Well, you’re high on top of your mountain of woe
Gotta come on up to the house
Well, you know you should surrender, but you can’t let it go
You gotta come on up to the house, yeah
Gotta come on up to the house
Gotta come on up to the house
The world is not my home I’m just a-passing through
You gotta come on up to the house
— Tom Waits, Come On Up to the House (1999)
The last Sunday of 2025. Only a few more days and we can put this cursed year behind us.
I probably shouldn’t say that it is cursed or the profanity I opted not to use in its place. Maybe you don’t see this past year in the same way. I am sure there are some people out there who will remember 2025 as a banner year, filled with memorable moments and new highs. Maybe their best year ever.
Well, good for those folks because that hasn’t been the case for me this year.
This is not a complaint, mind you. I have no right to bitch and moan. We all have to take a beatdown now and then. Nobody is exempt.
It’s all part of life’s sometimes strange and inexplicable wheel of fortune. Sometimes the wheel stops and you’re a winner. Sometimes, it passes you by and you lose.
But you never know what the next spin might bring.
You got to stay in the game, graciously accept your losses, and humbly accept the rare wins that might come your way.
The wheel of fortune has passed over my number several times this past year.

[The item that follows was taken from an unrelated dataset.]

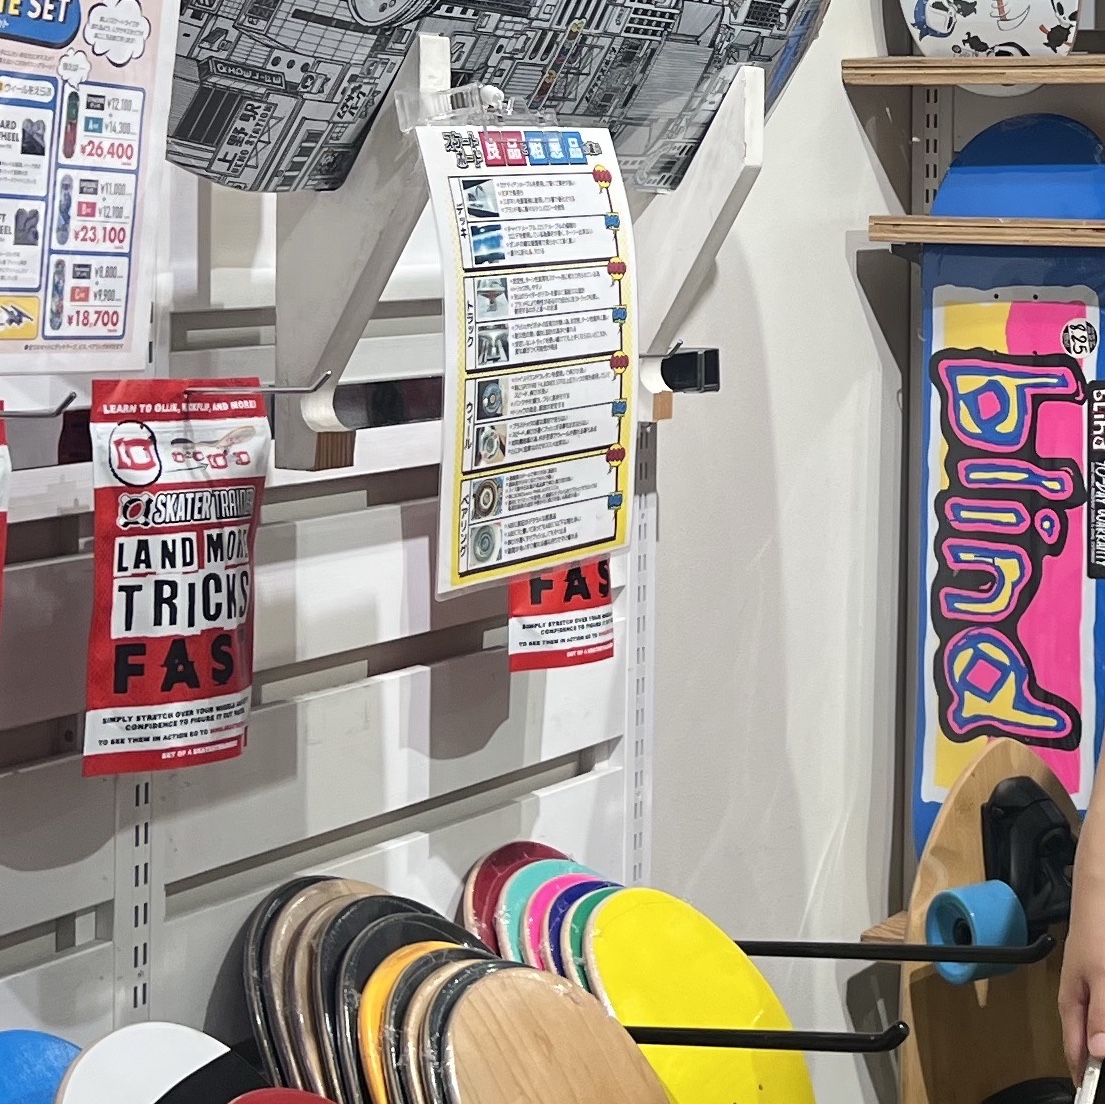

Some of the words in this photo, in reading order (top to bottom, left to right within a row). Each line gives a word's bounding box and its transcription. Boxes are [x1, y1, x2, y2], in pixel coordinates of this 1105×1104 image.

But, hey, I am still in the game.
I am counting that as a win. Maybe that small win allows me to get out of this ugly year on a somewhat higher note. I will humbly accept that, knowing full well that it could have been much worse and I still have some chips to play.
What more could I ask?
Here is the last Sunday Morning Music selection for 2025. It is the Tom Waits song Come On Up to the House. I am sharing two covers of the song with two distinctly different interpretations. A great song (and art in general) has room in it for different interpretations. The first is from the clown with the golden baritone, Puddles Pity Party, with a rendition that is closer in tone to the Waits original. The second, for those of you with a fear of clowns, is a more upbeat version with a singalong element from Americana singer/songwriter Sarah Jarosz, from a 2010 performance on Austin City Limits.
I think both are winners. And a win is a win anytime.
Now get out of here and take that wretched year with you. It’s beginning to stink…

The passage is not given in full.